Advances in power production and transportation will be key in the race to achieve net zero emissions by 2050. And at the heart of the new energy-transport nexus lies a technology that is capturing the interest of governments, corporations, and investors: the battery, Financial Times writes.

Projections from the International Energy Agency show the magnitude of the shift required to achieve worldwide net zero emissions by mid-century. They demonstrate that by 2035, all passenger cars sold must be electric vehicles, and that by 2050, wind, solar, bioenergy, geothermal, and hydropower must provide two-thirds of the world’s energy supply. All of this will need more energy storage. Batteries allow electric vehicles to store and utilize energy to power their motors.

They can also store and feed energy back to the grid using vehicle-to-grid technology to augment supply during peak demand.

Meanwhile, since renewable energy is intermittent, energy must be conserved for when the wind blows or the sun shines.

As a result, batteries may minimize the usage of polluting “peaker” fossil-fuelled plants that supplement renewable energy or support the grid during times of peak demand.

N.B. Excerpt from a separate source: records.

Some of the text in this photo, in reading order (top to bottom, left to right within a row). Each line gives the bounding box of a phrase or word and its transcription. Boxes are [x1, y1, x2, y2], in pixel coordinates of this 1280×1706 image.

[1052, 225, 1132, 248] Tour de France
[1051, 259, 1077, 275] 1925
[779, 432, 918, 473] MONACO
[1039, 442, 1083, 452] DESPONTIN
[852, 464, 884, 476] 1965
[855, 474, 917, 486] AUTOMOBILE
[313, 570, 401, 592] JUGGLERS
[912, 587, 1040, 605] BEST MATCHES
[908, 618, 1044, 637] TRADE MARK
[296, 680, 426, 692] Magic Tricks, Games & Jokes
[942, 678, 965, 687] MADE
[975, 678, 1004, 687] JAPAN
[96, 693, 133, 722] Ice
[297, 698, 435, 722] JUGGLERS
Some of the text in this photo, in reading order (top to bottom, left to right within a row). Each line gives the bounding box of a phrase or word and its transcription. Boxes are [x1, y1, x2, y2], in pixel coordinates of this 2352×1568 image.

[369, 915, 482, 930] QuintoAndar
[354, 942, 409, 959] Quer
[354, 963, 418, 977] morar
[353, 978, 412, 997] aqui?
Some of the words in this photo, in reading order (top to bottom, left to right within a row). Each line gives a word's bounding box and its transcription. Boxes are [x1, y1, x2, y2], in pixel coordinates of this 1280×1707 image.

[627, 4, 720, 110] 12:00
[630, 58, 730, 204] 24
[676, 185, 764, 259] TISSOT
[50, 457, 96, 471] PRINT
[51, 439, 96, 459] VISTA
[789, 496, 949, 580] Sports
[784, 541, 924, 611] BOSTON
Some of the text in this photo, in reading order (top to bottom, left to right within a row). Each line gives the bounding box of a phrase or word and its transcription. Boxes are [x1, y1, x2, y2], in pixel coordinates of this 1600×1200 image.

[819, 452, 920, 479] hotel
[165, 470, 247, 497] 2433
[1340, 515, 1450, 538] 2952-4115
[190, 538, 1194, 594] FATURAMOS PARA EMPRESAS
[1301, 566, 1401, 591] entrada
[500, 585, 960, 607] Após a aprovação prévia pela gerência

Battery demand forecasts are driving an increase in the development of large-scale manufacturing operations, or so-called gigafactories. People can’t keep up with how many gigafactories are in the works since the numbers are changing so quickly.

Energy storage firms are also seeing an increase in investment. According to Mercom Capital Group, these firms raised $5.5 billion in venture capital across 59 transactions in the first nine months of 2021, up from $1.2 billion across 91 deals in the same time in 2020. China is the world’s largest producer of lithium-ion battery cells. However, Europe is gradually catching up, owing to emissions reduction rules for car fleets and the 2017 introduction of the European Battery Alliance, a project aimed at increasing EU battery output.

China will have around two-thirds, while most analysts predict that Europe will have roughly one-third of global battery production capabilities by 2030.

According to Alex Breckel, head of research at Energy Futures Initiative, production capacity in the United States will likewise increase dramatically over the next two years.

“With just the declared factories, it’s expected to rise by a factor of six,” he adds. “That’s insanely quick scaling.”